When you need to find some answers on the internet, the first thing you do is open a browser and search for the content you need. As the professor of Educational Technology, Sugata Mitra said in the short documentary “Future Learning” – one of the key things in the future will be the ability to search for the information a) as fast as you can, and b) as accurately as possible with the given technology. The skill to do it successfully will be crucial for future generations.
Once you’ve reduced information noise to a level you feel comfortable with, the next step is to navigate through the website or mobile application. The user interface is there to help you find the exact answer to your questions. The more intuitive interaction and navigation is, the better the user experience.
Guidelines are there to be respected
In the mobile world, hardware and software manufacturers are trying to unify and stabilise mobile experiences as much as possible. However, different operating systems have different guidelines for designers and developers (e.g. Android Design Guidelines and iOS Human Interface Guidelines).
Enchant me, Simplify my life, and Make me amazing.
Creative Vision of Android Design Guidelines
Using these guidelines and respecting users’ habits and expectations and having in mind their best interests and needs, you can pretty much be sure that you’ll solve their problems in a positive way.
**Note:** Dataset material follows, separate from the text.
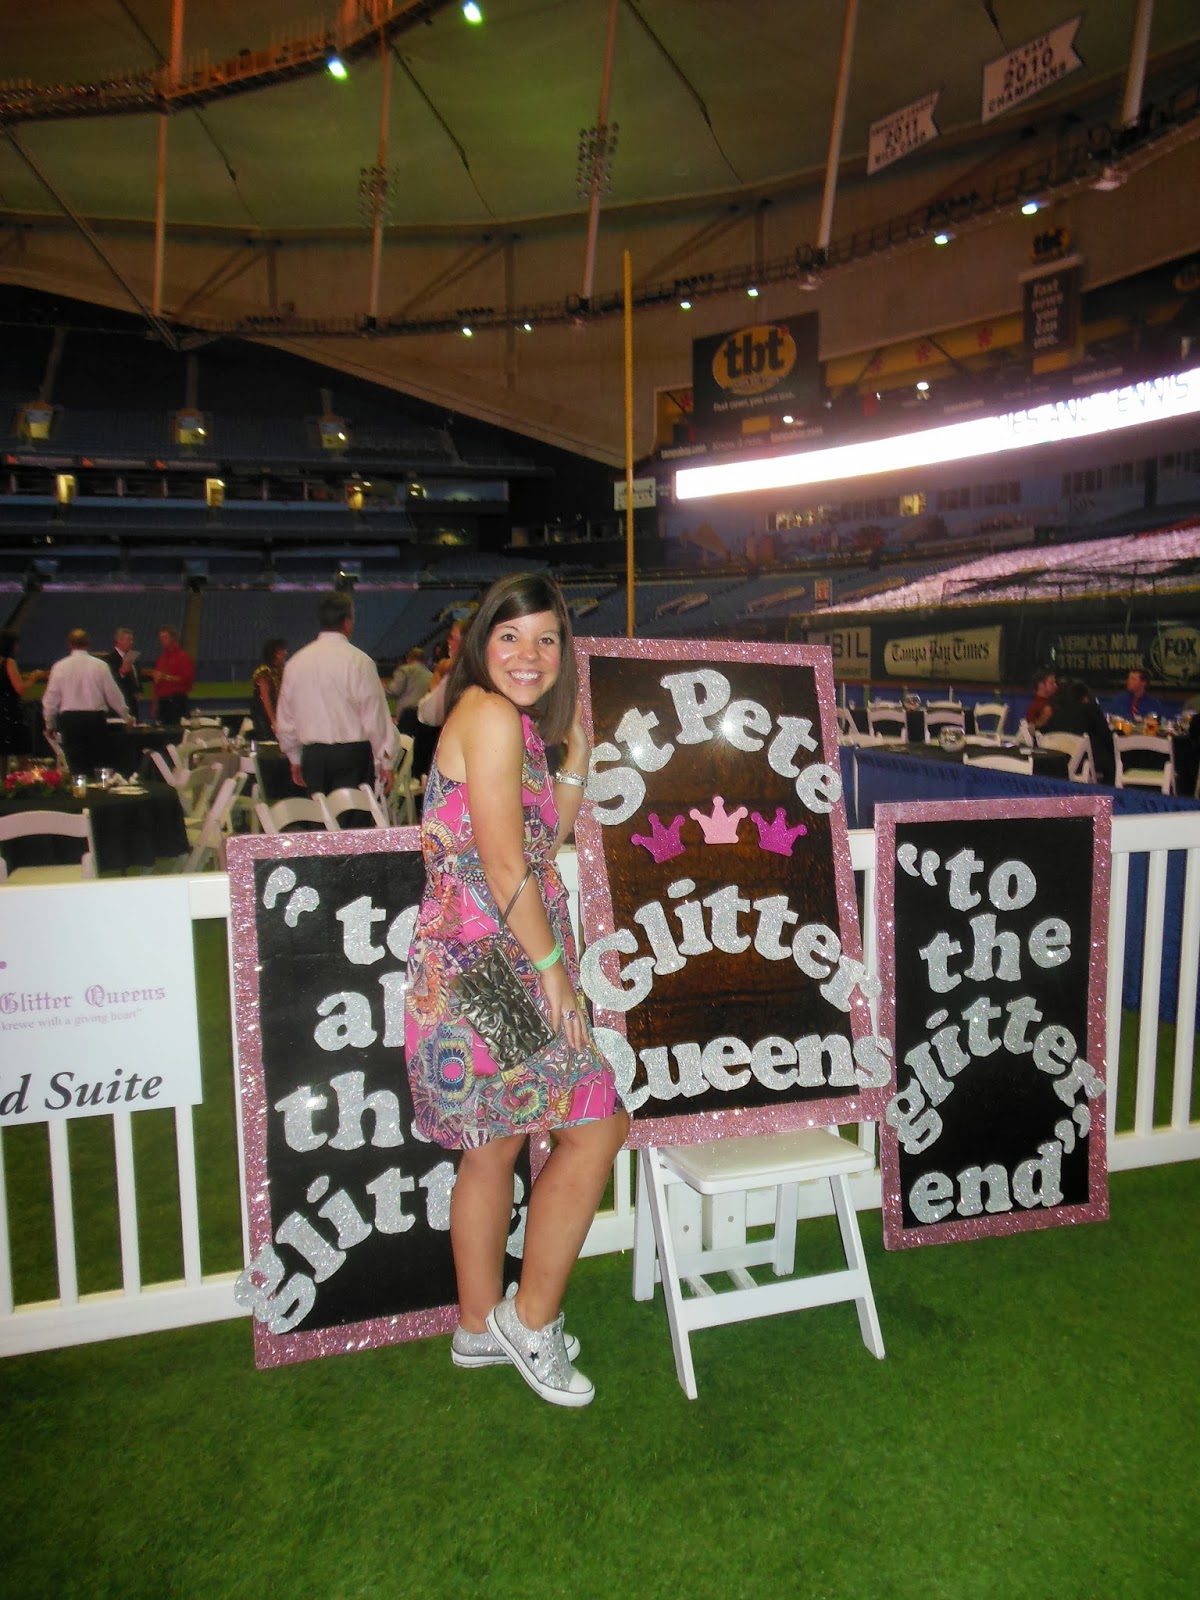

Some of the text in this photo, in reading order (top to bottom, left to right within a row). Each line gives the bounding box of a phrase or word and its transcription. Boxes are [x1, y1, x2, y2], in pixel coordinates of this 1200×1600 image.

Information organisation on different platforms
In his talk, Merlin describes types of interactions and navigation between the two most popular mobile platforms – iOS and Android. With the latest versions of these operating systems, these two platforms are closer to one another than ever before. Of course, we are speaking here about visual user interface style and interaction design in general.
In the past, the practice was to develop an iOS application and then port it to Android devices, which was completely wrong from an user experience point of view. Today, Twitter, Facebook, Skype and other applications that are most frequently used on mobile platforms do not make such drastic mistakes with user interface design and overall user experience as they did two years ago.
However, there are some bad practices in the world of mobile apps, and there are solutions to each and every one of them. Merlin covered a few of them by challenging design to be closer to the guidelines on each of the mobile platforms. By reducing visual noise and focusing on single and separated tasks, he created a more intuitive and consistent user experience.
Merlin has posted an in-depth blog post “Redesigning Skype for Android Chat” in case you want to find out more.
Every day there’s more information out in the world and it is happening like never before. The future brings us new challenges regarding how to display and interact with all the data around us. Mobile manufactures will probably continue in their effort to unify experiences across the platforms.
If you are not sure how to solve a mobile design problem, take a look at the guidelines first. However, designing only by platform guidelines is not enough. You need to know your users, manage their expectations, as well as track and analyse their behaviour so you can improve overall experience and user satisfaction.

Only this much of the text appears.